◆ Assignment: All records after this line are to be returned verbatim.

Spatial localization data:
******************************
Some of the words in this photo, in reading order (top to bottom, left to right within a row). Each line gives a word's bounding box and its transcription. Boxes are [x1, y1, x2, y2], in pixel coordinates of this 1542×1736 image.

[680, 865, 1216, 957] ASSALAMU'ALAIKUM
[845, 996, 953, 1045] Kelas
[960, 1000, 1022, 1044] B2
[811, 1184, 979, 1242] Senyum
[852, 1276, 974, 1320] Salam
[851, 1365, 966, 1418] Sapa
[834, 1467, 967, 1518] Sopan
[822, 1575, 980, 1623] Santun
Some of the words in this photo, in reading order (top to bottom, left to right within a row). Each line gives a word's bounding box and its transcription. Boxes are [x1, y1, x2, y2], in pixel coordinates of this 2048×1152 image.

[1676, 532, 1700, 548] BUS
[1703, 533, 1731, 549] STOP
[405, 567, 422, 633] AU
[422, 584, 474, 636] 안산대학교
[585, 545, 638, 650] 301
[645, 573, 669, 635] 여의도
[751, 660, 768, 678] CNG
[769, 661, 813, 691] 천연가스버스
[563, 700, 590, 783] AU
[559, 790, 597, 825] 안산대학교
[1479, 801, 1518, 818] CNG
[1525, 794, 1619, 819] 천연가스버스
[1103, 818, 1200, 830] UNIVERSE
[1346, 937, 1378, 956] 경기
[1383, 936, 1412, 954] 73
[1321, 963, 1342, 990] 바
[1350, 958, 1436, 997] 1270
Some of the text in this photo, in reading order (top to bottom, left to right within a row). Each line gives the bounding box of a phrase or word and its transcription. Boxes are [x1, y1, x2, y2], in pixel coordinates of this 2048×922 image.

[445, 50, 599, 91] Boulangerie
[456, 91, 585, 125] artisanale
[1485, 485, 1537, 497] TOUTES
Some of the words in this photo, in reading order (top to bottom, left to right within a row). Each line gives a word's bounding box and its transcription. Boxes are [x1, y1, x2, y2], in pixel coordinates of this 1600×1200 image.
******************************
◆ Solution to this exercise:
Some of the words in this photo, in reading order (top to bottom, left to right within a row). Each line gives a word's bounding box and its transcription. Boxes are [x1, y1, x2, y2], in pixel coordinates of this 1542×1736 image.

[680, 865, 1216, 957] ASSALAMU'ALAIKUM
[845, 996, 953, 1045] Kelas
[960, 1000, 1022, 1044] B2
[811, 1184, 979, 1242] Senyum
[852, 1276, 974, 1320] Salam
[851, 1365, 966, 1418] Sapa
[834, 1467, 967, 1518] Sopan
[822, 1575, 980, 1623] Santun
Some of the words in this photo, in reading order (top to bottom, left to right within a row). Each line gives a word's bounding box and its transcription. Boxes are [x1, y1, x2, y2], in pixel coordinates of this 2048×1152 image.

[1676, 532, 1700, 548] BUS
[1703, 533, 1731, 549] STOP
[405, 567, 422, 633] AU
[422, 584, 474, 636] 안산대학교
[585, 545, 638, 650] 301
[645, 573, 669, 635] 여의도
[751, 660, 768, 678] CNG
[769, 661, 813, 691] 천연가스버스
[563, 700, 590, 783] AU
[559, 790, 597, 825] 안산대학교
[1479, 801, 1518, 818] CNG
[1525, 794, 1619, 819] 천연가스버스
[1103, 818, 1200, 830] UNIVERSE
[1346, 937, 1378, 956] 경기
[1383, 936, 1412, 954] 73
[1321, 963, 1342, 990] 바
[1350, 958, 1436, 997] 1270
Some of the text in this photo, in reading order (top to bottom, left to right within a row). Each line gives the bounding box of a phrase or word and its transcription. Boxes are [x1, y1, x2, y2], in pixel coordinates of this 2048×922 image.

[445, 50, 599, 91] Boulangerie
[456, 91, 585, 125] artisanale
[1485, 485, 1537, 497] TOUTES
Some of the words in this photo, in reading order (top to bottom, left to right within a row). Each line gives a word's bounding box and its transcription. Boxes are [x1, y1, x2, y2], in pixel coordinates of this 1600×1200 image.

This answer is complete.